Svetkey noted that Evans has provided ongoing career development seminars, mentorship, informal coaching, sponsorship and advocacy for faculty, trainees, and medical students from under-represented groups.
Resident Award
Dr. Tamara Saint-Surin, MD, won the Winn Award for residents this year for championing civility across the residency training program and bringing additional training to housestaff at the Durham VA Medical Center. She served as the program’s national representative to the Student National Medical Association, and she sought leadership roles in bringing diversity to the residency program through recruitment.
“Tamara is a leader who is passionate and driven to create a more diverse and inclusive environment at Duke and beyond. She has spearheaded multiple initiatives that have led to programmatic changes to accomplish this goal,” wrote Nancy Yang, MD, a 2020 graduate of the residency program, and now a fellow in Gastroenterology.
Staff Award
In addition to her other duties as human resources director for the Department of Neurosurgery, Priscilla Graham is on the School of Medicine Inclusion Council and has worked tirelessly to establish the Department’s Diversity and Inclusion Committee and to make sure the committee included all members of the Department. She utilized her love for organization and event planning to help plan one of Neurosurgery’s most inclusive holiday parties. She has been passionate about educating the committee and those around her about diversity and inclusion.
Student Award
Nathaniel Neptune, a fourth-year student at the School of Medicine and Fuqua School of Business, took time from his busy schedule to help create a new Clinical Immersion Elective course to allow students to help provide care to patients in a community clinic. He was also elected as an Executive Board Member for Duke's Student National Medical Association for the past three years and has served as a Health Professions Recruitment and Exposure Co-Director to provide formal mentorship to underrepresented high schoolers in the local Durham area.
Team Award
The faculty and facilitators of the School of Medicine’s Cultural Determinants of Health Disparities received the Winn 2020 Team Award. The award acknowledges and celebrates their work on the country’s first required interprofessional curriculum tasked with exploring health disparities and the impact of sociocultural influences on a broad spectrum of health outcomes observed in Durham, North Carolina, and beyond. This course began for first-year medical students in the fall of 2017, and is now in its fourth year. In 2019, the course was expanded to include first-year doctor of physical therapy students as well as second-year medical students. CDHD content enhances student education by promoting discourse about current and future patients, providers, and peers. Students share views and opinions while gaining insights into how to promote health equity and culturally appropriate medical care.
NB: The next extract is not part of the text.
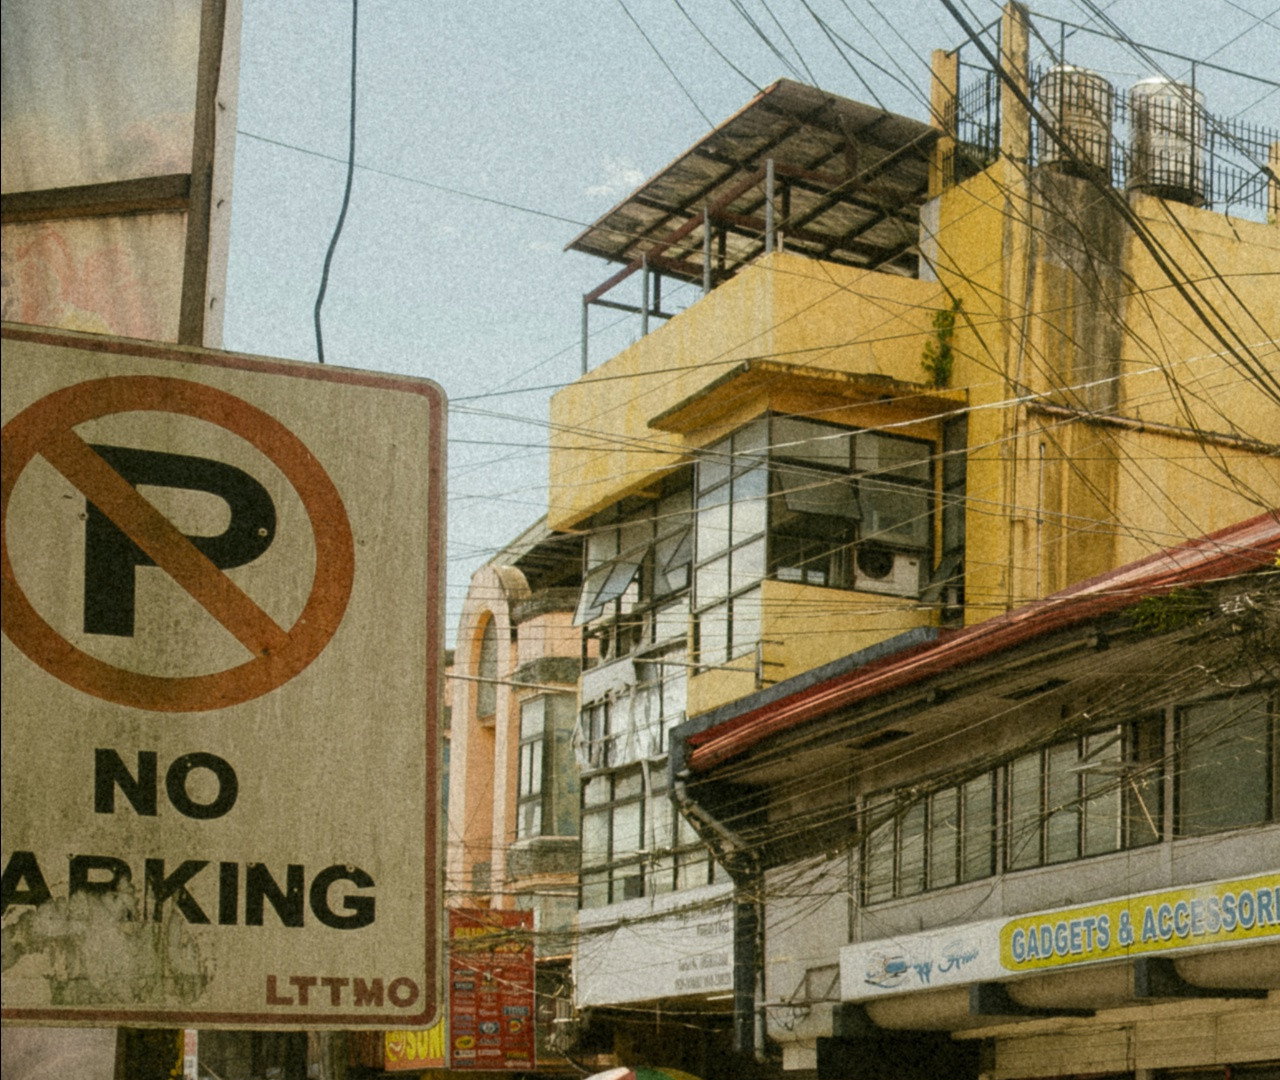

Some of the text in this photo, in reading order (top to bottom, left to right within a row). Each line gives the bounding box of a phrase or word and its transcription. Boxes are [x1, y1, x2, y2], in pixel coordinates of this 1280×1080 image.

[93, 747, 240, 820] NO
[1012, 914, 1111, 963] GADGETS
[1118, 909, 1134, 947] &
[266, 974, 420, 1009] LTTMO
About the Winn Inclusive Excellence Award
The Office of Diversity & Inclusion established the Michelle Winn Inclusive Excellence Award award in 2016 to recognize individuals who have made significant contributions to diversity and inclusion within the Duke School of Medicine community. The award is named for Michelle Winn, MD, (left), associate professor of Nephrology in the Department of Medicine, who passed away in July 2014. Dr. Winn was respected and beloved by her colleagues and deeply committed to diversity and inclusion and to the careers of younger physicians and scientists who orbited around her. This award is given annually to a Duke Health community member who has exemplified excellence, innovation, and leadership through helping create a more diverse and inclusive environment.